Het is een mooie dag in september. We zitten in de grote tuin, op het terrein waar vroeger het varkensbedrijf was. Er is nog 7 hectare grond over, waarop Henk mais verbouwt voor een veevoerbedrijf. Een robot maait het gras. De hond blaft verontwaardigd als het apparaat te dicht nadert.
Heeft het geweten van Josien echt de doorslag gegeven om te stoppen met het bedrijf?
Henk: “We hadden er wel veel discussie over, maar ik had ook andere zorgen. Zo’n gezinsbedrijf is behoorlijk stressvol. Je moet steeds zorgen dat je de norm haalt. Dat werd in die tijd bepaald door de hoeveelheid nakomelingen, dus het aantal biggen per zeug per jaar. Toen was dat tussen de 20 en 23 biggen. Maar je moest niet onder de 20 komen, dan was de opbrengst te laag. We hadden een gezin met vier jonge kinderen en een hoge hypotheek, Je moest steeds efficiënter werken. Ik had ons ons bedrijf inmiddels met computers gemoderniseerd, maar verdere industrialisatie ging me echt tegenstaan. En al snel werd de norm dertig nakomelingen per zeug. Tegenwoordig gaat het per kilo vlees, dus zoveel kilo vleesproductie tegen zoveel euro loonkosten. Het gaat niet meer over dieren. Het gaat alleen maar over euro’s.”
Maar toch: een boer stopt niet, en twintig jaar geleden al helemaal niet. Josien had in een bijgebouw van het huis inmiddels een goedlopende Bed & Breakfast. Zelf gingen ze zelden met het gezin op vakantie, maar de kinderen konden zich rond de boerderij prima vermaken.
Josien: “Toen kwam Henk plotseling met een advertentie waarin een accountantskantoor een medewerker vroeg met verstand van het varkensbedrijf. Dinsdags solliciteerde hij en vrijdags kwam hij thuis met de mededeling dat hij was aangenomen.”

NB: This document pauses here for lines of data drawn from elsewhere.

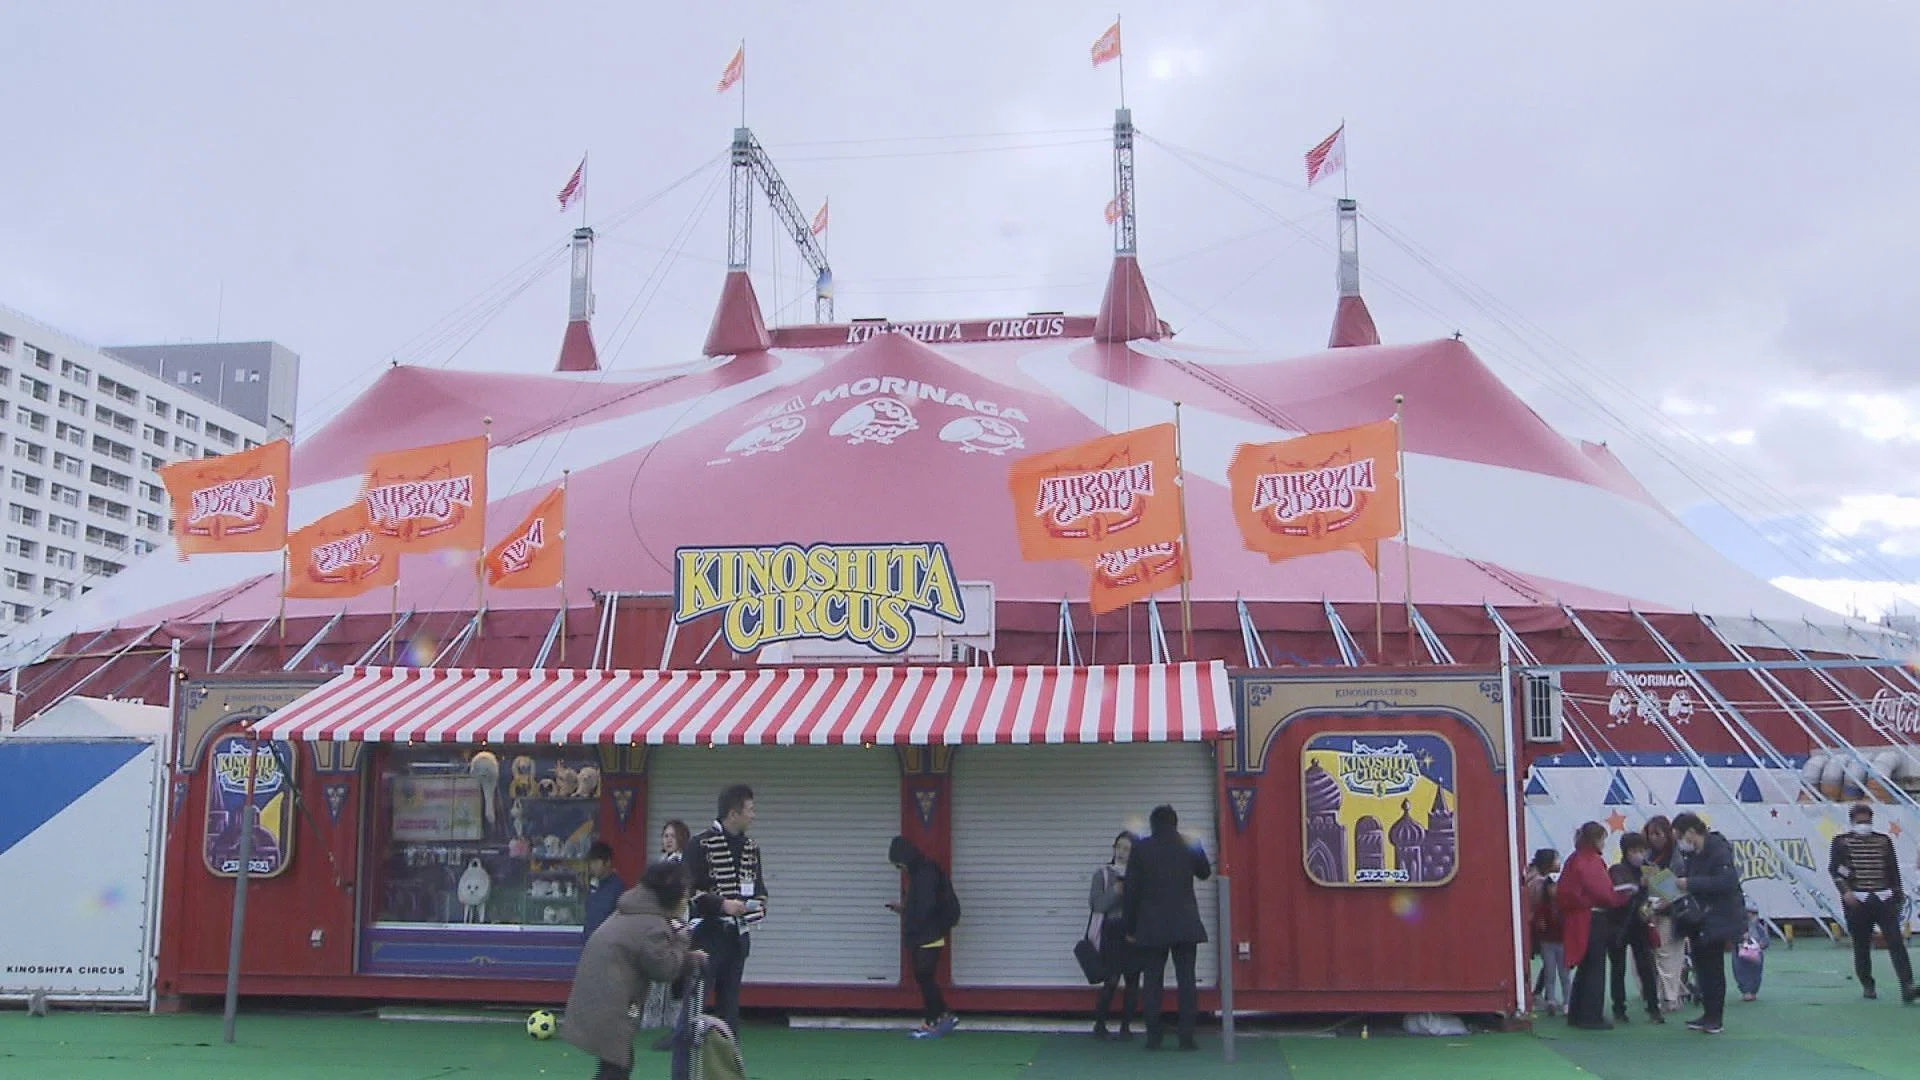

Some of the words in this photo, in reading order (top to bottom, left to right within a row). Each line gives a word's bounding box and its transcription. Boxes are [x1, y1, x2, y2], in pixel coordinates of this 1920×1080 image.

[847, 321, 962, 343] KINSHITA
[987, 317, 1065, 338] CIRCUS
[811, 376, 1029, 423] MORINAGA
[676, 544, 965, 621] KINOSHITA
[723, 590, 914, 652] CIRCUS
[1339, 754, 1421, 776] KINOSHITA
[1355, 766, 1406, 784] CIRCUS
[6, 965, 73, 974] KINOSHITA
[78, 965, 125, 975] CIRCUS
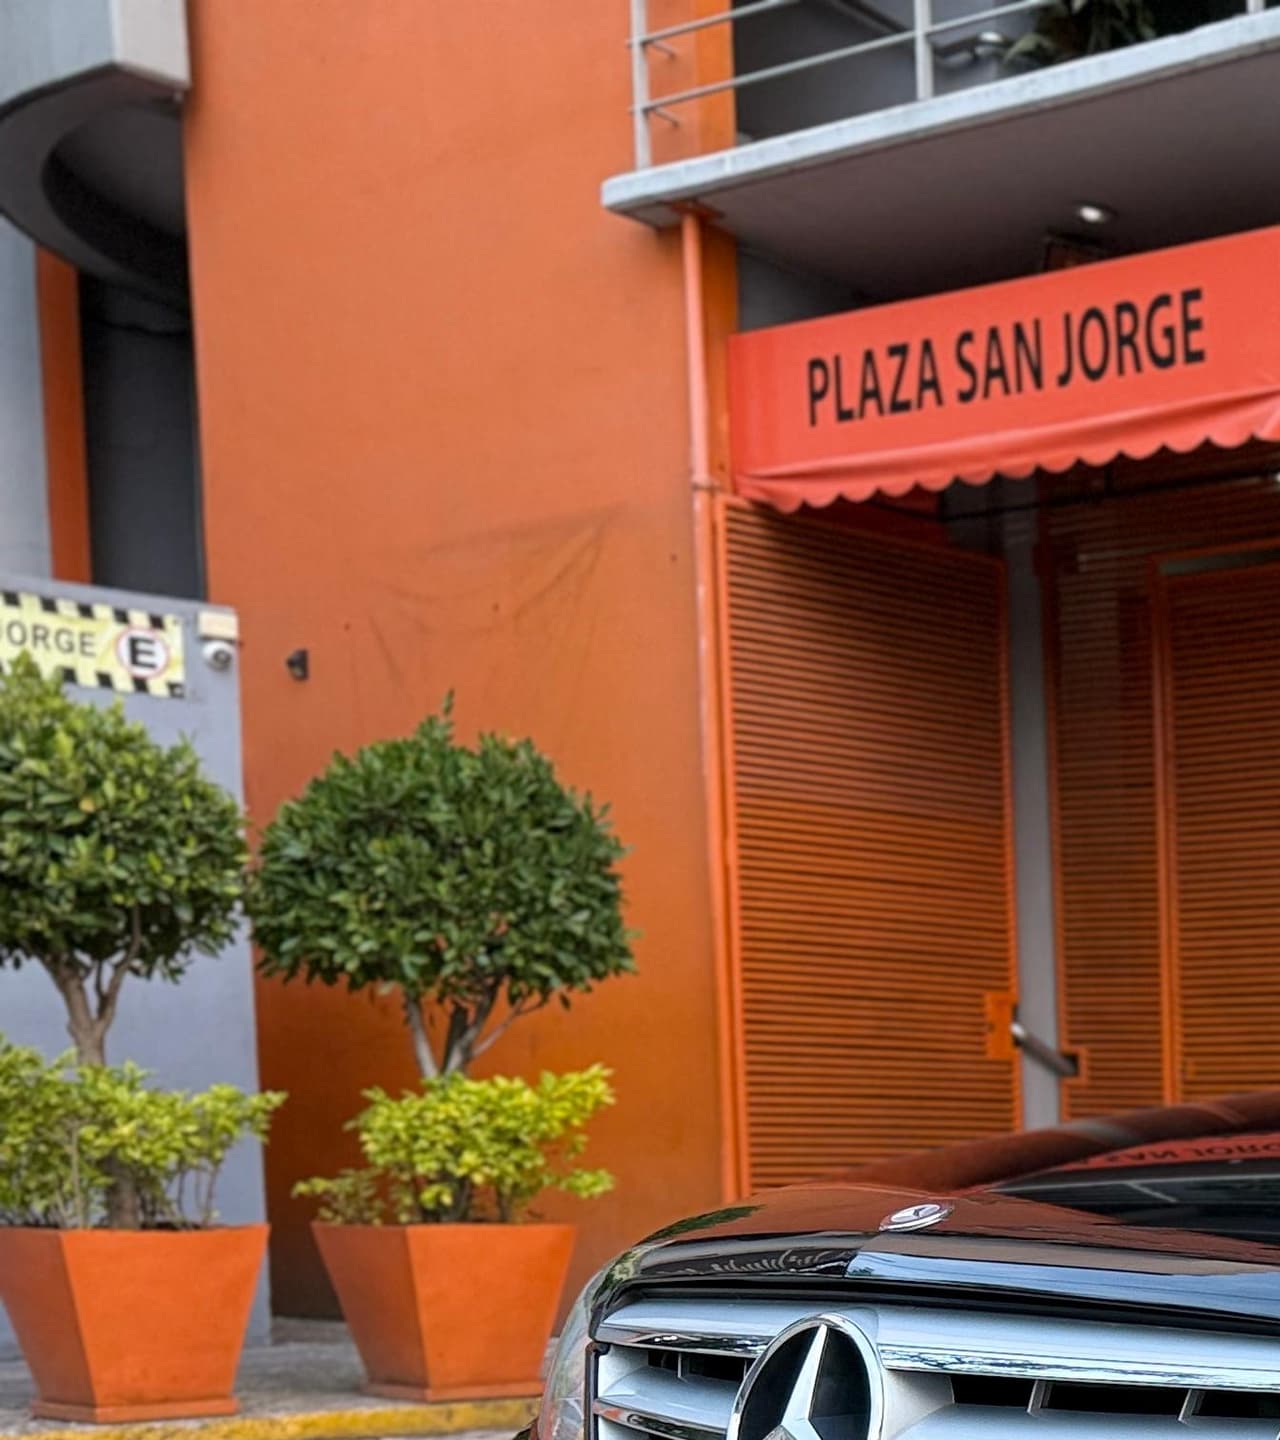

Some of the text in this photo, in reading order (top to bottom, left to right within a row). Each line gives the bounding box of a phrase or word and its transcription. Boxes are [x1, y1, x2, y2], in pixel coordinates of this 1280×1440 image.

[807, 287, 1207, 427] PLAZA SAN JORGE
[0, 619, 97, 658] ORGE
[128, 635, 158, 670] E

Spijt heeft Henk nooit gehad. “Ik kijk liever vooruit. Het scheelde wel dat we hier konden blijven wonen. En ik hoefde niet meteen afscheid van de varkens te nemen. Een boer uit de buurt huurde het bedrijf voor vijf jaar, zodat ik eventueel nog op mijn beslissing kon terugkomen. Maar daar was geen sprake van. Na die vijf jaar hebben we de varkens verkocht en de stallen gesloopt. Op de vrijgekomen grond mochten we vier woningen bouwen. Daar wonen nu dus onze buren, maar die kun je tussen het groen door nauwelijks zien.”

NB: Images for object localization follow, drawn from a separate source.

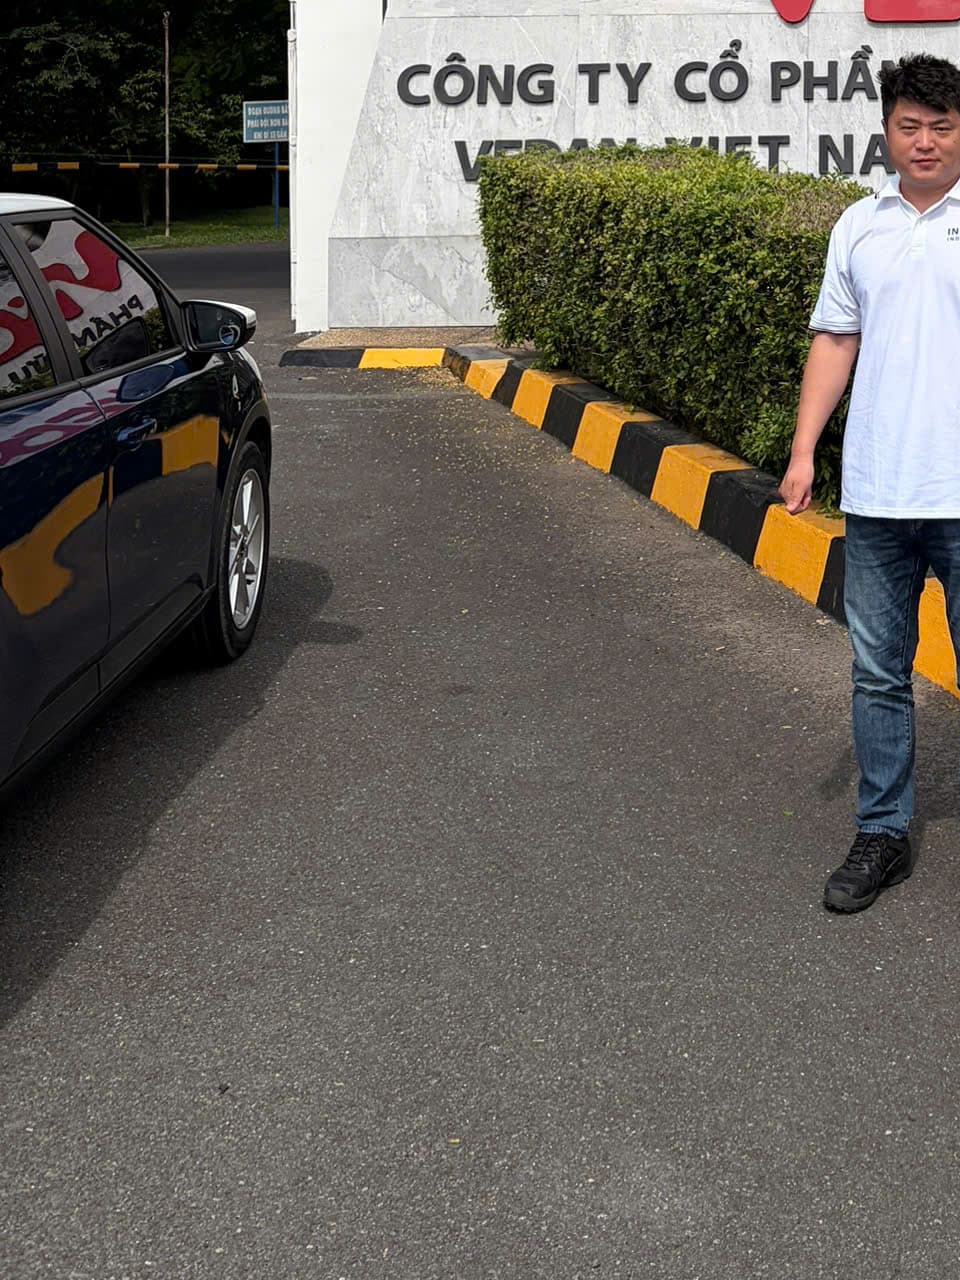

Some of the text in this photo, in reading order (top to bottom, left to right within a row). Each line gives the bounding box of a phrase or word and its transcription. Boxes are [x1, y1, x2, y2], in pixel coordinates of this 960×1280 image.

[396, 52, 556, 106] CÔNG
[577, 62, 653, 104] TY
[673, 38, 750, 103] CỔ
[770, 45, 901, 101] PHẦ
[818, 133, 897, 176] NA

Natuurlijk was zijn vader zwaar teleurgesteld. “Hij is er nooit helemaal overheen gekomen. Je ziet nog steeds dat een vader verwacht dat zijn zoon het bedrijf overneemt; jonge jongens, die rechtstreeks van de landbouwschool komen. Dan zeg ik: laat die jongen toch eerst de wereld verkennen. Maar dan kijken ze je een beetje wazig aan. Ze zien alleen wat ze willen zien: er is maar één groep in de wereld, dat zijn de boeren.”
“Dat geldt ook voor die hele Farmer Defence Club. Als je een gewone baan hebt, moet je overleggen met collega’s of met je baas. Boeren hoeven met niemand te overleggen. Ze hebben maar één doel voor ogen: ons bedrijf moet elk jaar groter worden. Als een adviseur zegt: ik zou het anders doen, zeggen ze: ik zoek wel een andere adviseur. Milieuproblemen bestaan niet, die zijn verzonnen. Het is echt triest: omgekeerde vlag, een rode zakdoek en miljoenen op de bank. En maar janken. Sofaboeren noem ik ze. Ik kan daar zo slecht tegen. Ze zijn niet allemaal zo, hoor. Er zijn ook boeren van gezinsbedrijven bij. Die hebben reden om zich zorgen te maken.”
Veel familieleden en vrienden zijn nog steeds boer. “Vroeger konden we nog heftig discussiëren, maar tegenwoordig houden we liever onze mond. De tegenstellingen zijn te groot. We zijn bang dat we vrienden verliezen als we echt zeggen wat we vinden.”
Westerveld gaat, samen met zijn zoons en dochter, de landbouwgrond rond zijn huis omzetten in natuurgebied. Ze gaan bomen planten en graan verbouwen op een biologische manier. Een veehouder die van dat plan hoorde, stuurde hem een appje: ‘Ben je ook al door het virus besmet?’